Friday, December 2, 2011

thanklessly giving.

Last year for Thanksgiving I was in a foreign country, surrounded by a motley assortment of Europeans and Americans. Only the American expats really had any clue as to what was going on and that's not saying much as we tried to salvage and persuade the others to the merits of a completely American tradition. It seemed strange to celebrate our holiday of giving thanks in a completely different country with mocking British and perplexed Germans and ribald French, but it was also a necessary stab at familiarity that we all desperately desired for at the beginning of an odd holiday season.

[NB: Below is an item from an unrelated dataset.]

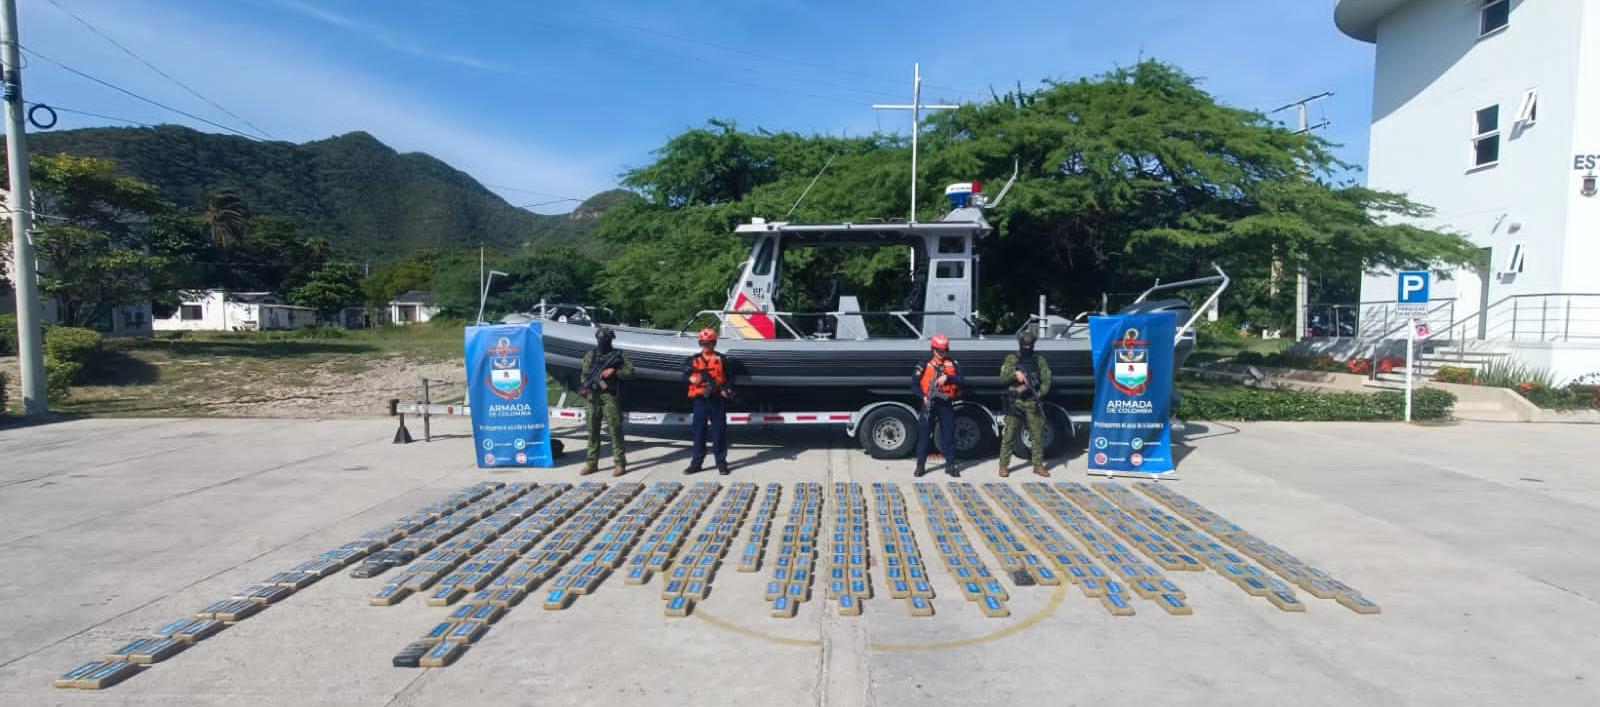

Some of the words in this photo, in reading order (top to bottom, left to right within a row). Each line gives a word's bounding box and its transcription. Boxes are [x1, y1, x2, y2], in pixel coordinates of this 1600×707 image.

[1574, 154, 1600, 170] ES
[1402, 275, 1424, 300] P
[488, 403, 532, 413] ARMADA
[1106, 400, 1153, 409] ARMADA

This year, I was in my warm, family home in the middle of my hilly, wind-swept plains, sitting around a family dinner table with all of the familiar foods in front of me and all my longed for company at my side. And I found myself feeling bland and wistful and with little connection to all the live faces around me. It almost seemed a little unfair that I was the one enjoying this moment and not the Jennifer of last year who was homesick for parades, green bean casserole, and family.

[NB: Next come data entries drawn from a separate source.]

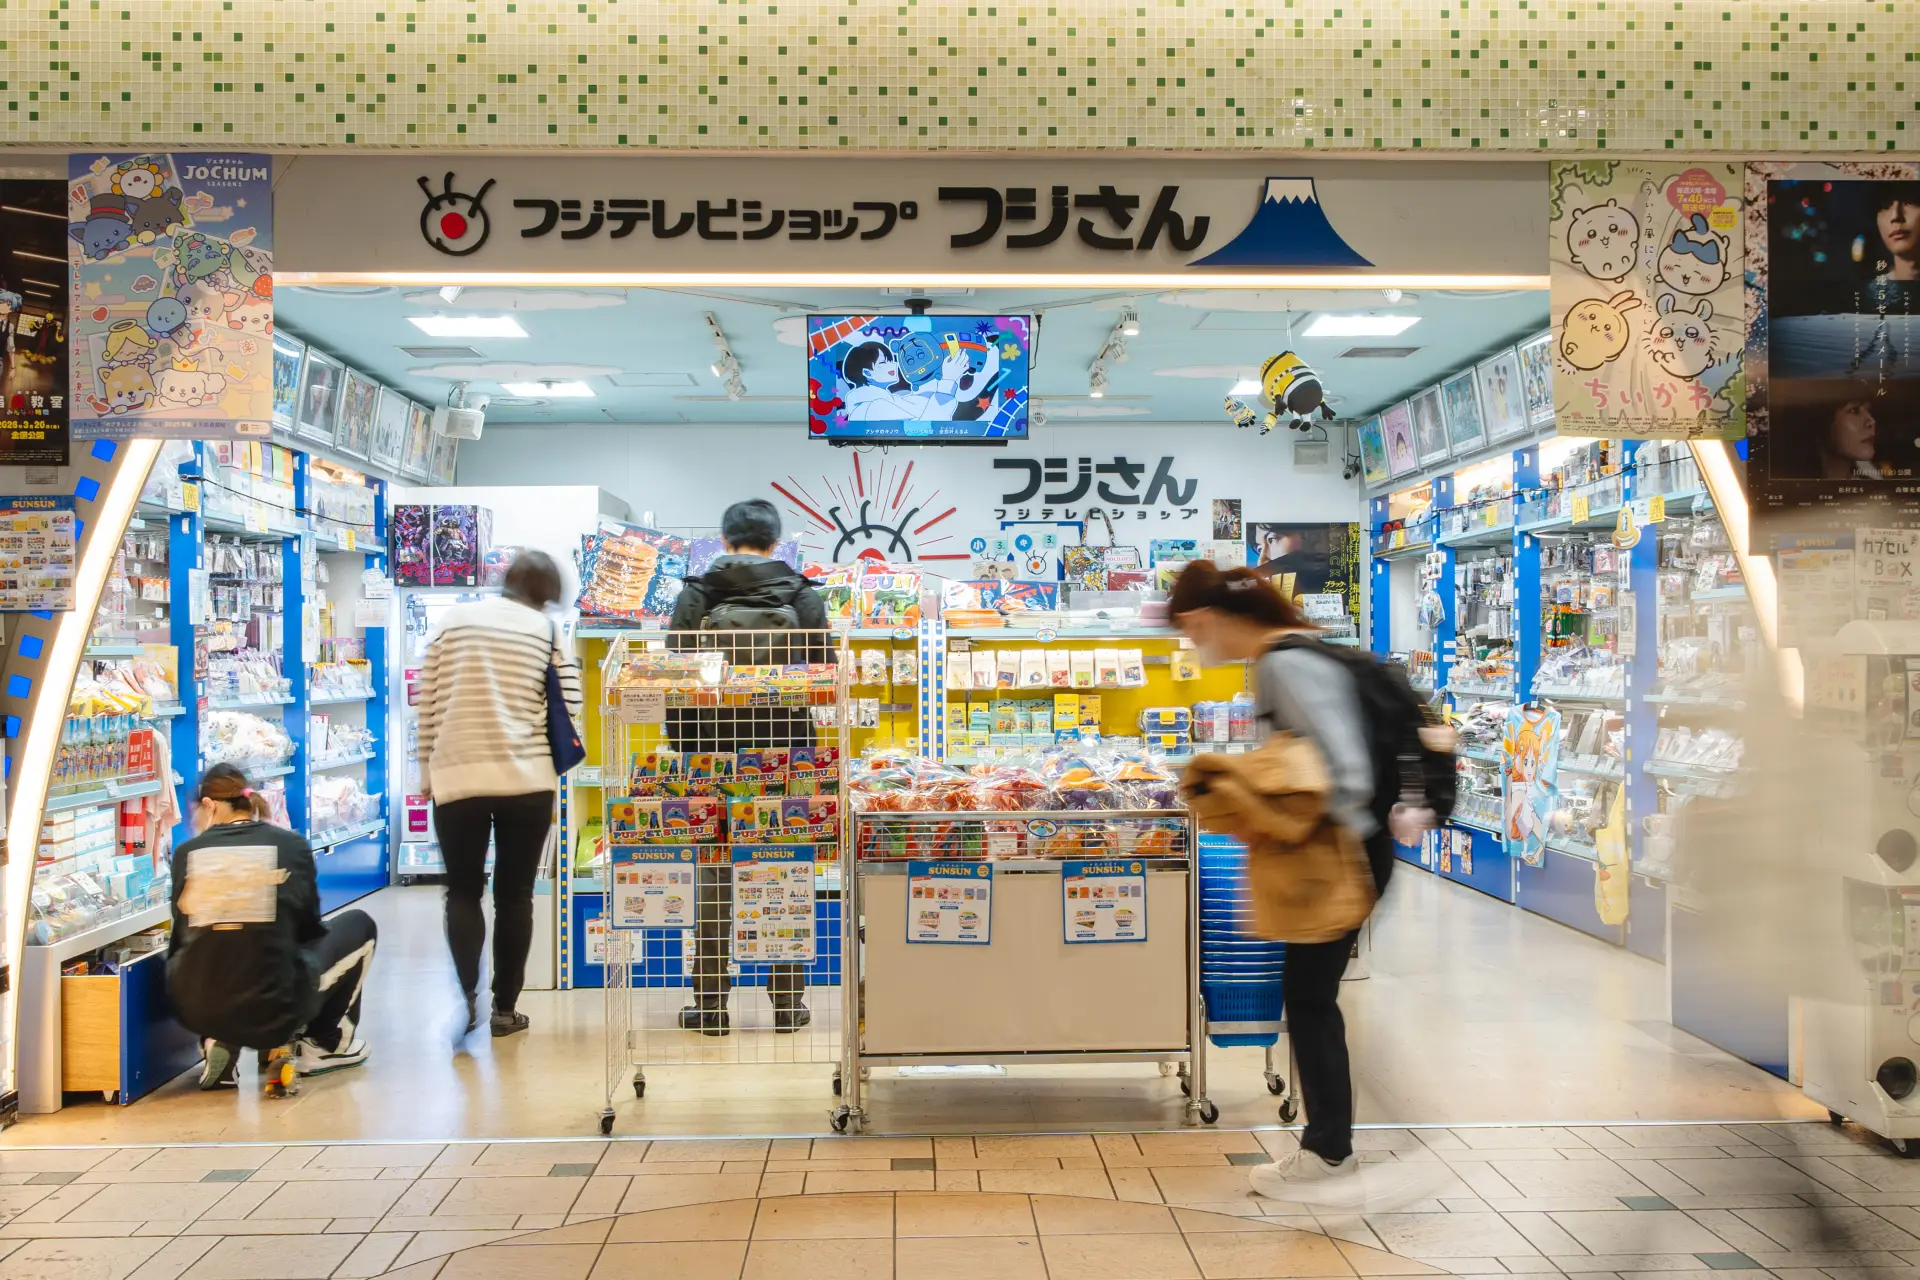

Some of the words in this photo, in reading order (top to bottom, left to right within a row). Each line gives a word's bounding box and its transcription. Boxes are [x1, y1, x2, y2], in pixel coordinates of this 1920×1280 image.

[182, 166, 268, 181] JOCHUM
[513, 198, 918, 240] フジテレビショップ
[938, 186, 1210, 250] フジさん
[1876, 260, 1888, 396] 秒速5センチメートル
[1584, 378, 1713, 410] ちいかわ
[994, 456, 1198, 506] フジさん
[12, 500, 56, 508] SUNSUN
[994, 508, 1198, 520] フジテレビショップ
[973, 540, 983, 550] 小
[1863, 537, 1909, 555] カプセル
[862, 576, 912, 589] SUN
[634, 776, 680, 784] PUPPET
[686, 777, 734, 786] PUPPET
[736, 772, 784, 782] SUNSUN
[790, 768, 838, 779] SUNSUN
[613, 829, 661, 839] PUPPET
[663, 826, 713, 835] SUNSUN
[733, 828, 782, 839] PUPPET
[782, 824, 834, 835] SUNSUN
[928, 867, 972, 875] SUNSUN

In the multiverse of reality somehow I wish I could reach through the fabric and just give that girl a hug. That girl from last year. Tell her to be thankful for where she is and where she's at....Have her tell me to be thankful for mine too. And maybe, just maybe, there will be a third Jennifer from the next Thanksgiving in a completely different place than France or home, reaching back and giving us both a hearty smack on the backs and saying..."Hey, you found it! The perfect thankful experience, now please come join me in all my fun. You had no idea what you had in store..."

I don't know if half of that multiverse shite is real or not, but somehow, the infinite mirror in every direction of Thanksgivings is kind of reassuring. And I can look backwards and forwards to all the ones where I'm sitting with my family in our old familiar house on an otherwise dreary gray sort of day, and immediately, no matter how ordinary they felt at the time, they are immediately special, shiny gems of a day. And I could cry for the completeness of it all.  I only wish I could actually reach back and tell my mom how much I appreciated getting to eat my food across the table from her, and look to the left at my dad and tell him how good it was getting to see him in person rather than a frozen Skype screen.

That's the trouble with all this introspective reflective crap, you can look backwards and forwards at all your experiences, but that still doesn't allow you to really experience them. It doesn't give you the agency that you have now in this true and single moment to go and hug those people and imbibe them with the same sudden feelings of warmth and love you're suddenly realizing. And then when you step outside of that multi-mirror complex and back into this single powerful moment of agency, you suddenly lose the armor of perspective and you lose the immediacy of running and telling those people how much you care and ultimately, the vulnerability of now makes it all seem like too much trouble.

So you say, eh, and wander aimlessly back to the kitchen, knowing full-well that any leftovers you find while rummaging around in the fridge will be far too old to eat by now, and next year's are so perilously far away.